Good news from Silicon Valley. The nerds at Google are offering to let anyone buy their new Google Glass product soon. The only catch is that you will only be able to do this for a whopping period of exactly one Earth day.
Up until now only specially, selected people (the “in” crowd) were allowed to have them. And they did what any reasonably, emotionally balanced person would do in that situation: wear them in public as much as they could so they could feel like a big shot.
Now you’ve got to have quite a desirable product if you think you only have to open it up for sales to the general public and not worry about a profit. That’s what I call marketing!
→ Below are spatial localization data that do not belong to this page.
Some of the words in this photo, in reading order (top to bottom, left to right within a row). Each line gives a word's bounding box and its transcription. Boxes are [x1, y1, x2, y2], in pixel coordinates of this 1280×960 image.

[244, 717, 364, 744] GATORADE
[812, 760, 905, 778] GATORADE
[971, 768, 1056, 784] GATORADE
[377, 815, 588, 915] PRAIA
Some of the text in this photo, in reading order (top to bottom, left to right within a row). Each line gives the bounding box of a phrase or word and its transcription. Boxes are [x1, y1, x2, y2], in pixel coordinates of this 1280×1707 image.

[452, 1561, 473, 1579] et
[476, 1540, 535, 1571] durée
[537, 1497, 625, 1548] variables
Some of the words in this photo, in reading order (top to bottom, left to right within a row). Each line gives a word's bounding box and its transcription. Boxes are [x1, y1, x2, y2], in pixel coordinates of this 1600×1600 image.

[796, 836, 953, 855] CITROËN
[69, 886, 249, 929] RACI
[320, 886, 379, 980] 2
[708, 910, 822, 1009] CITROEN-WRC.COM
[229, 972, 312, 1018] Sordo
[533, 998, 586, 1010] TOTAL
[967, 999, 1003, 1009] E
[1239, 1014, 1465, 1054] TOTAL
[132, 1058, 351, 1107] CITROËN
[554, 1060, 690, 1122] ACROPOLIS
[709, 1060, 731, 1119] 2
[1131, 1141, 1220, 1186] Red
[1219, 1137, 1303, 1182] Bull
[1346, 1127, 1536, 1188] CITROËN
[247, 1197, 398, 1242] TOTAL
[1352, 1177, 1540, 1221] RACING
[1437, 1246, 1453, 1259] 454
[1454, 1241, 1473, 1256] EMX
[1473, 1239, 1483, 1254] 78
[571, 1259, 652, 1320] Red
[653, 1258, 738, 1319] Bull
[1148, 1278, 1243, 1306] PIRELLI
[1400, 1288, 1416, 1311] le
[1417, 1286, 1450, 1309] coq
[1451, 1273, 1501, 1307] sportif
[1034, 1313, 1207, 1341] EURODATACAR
They’ve hyped up expectations so much for this new product that I’m sure people will be dropping out of trees and coming out of the woodwork to wait in line to fork over their hard-earned money. They’ll probably be camping out days in advance. They’d better have police with riot gear armed to the teeth standing by, because line-jumpers are likely to end up in intensive care.
So what will it cost you to own a set of these high-tech peepers? Let’s just say if you don’t have a job you earned with a college degree, I wouldn’t get your hopes up. A pair will set you back about $1,500. You could own about 10 pairs of Ray-Ban glasses for that. Only Ray-Ban won’t make you nearly as popular or get you punched in the nose like Google Glass spectacles will.
That’s because one annoying feature of Google Glasses are that they come equipped with a digital camera, which records everything the person is staring at. This is especially troublesome when they wear them into a bar where people generally don’t want to be photographed getting plastered after work while badmouthing their bosses. That’s already gotten wearers into a few arguments, many of which have resulted in a broken nose, black eye and bruised egos.
And there’s no light or indicator to tell people the Google Glass camera is on. So when confronted with one of these Google Glass wearers, I would treat them just like a microphone. Always assume it’s live.
One thing’s for sure. Many Google Glass purchasers are sure to learn a lesson or two about what happens when a new technology meets modern norms and manners. After a few bloody noses and dotted eyes, they’ll find out their eyesight might not improve nearly as much as their hindsight.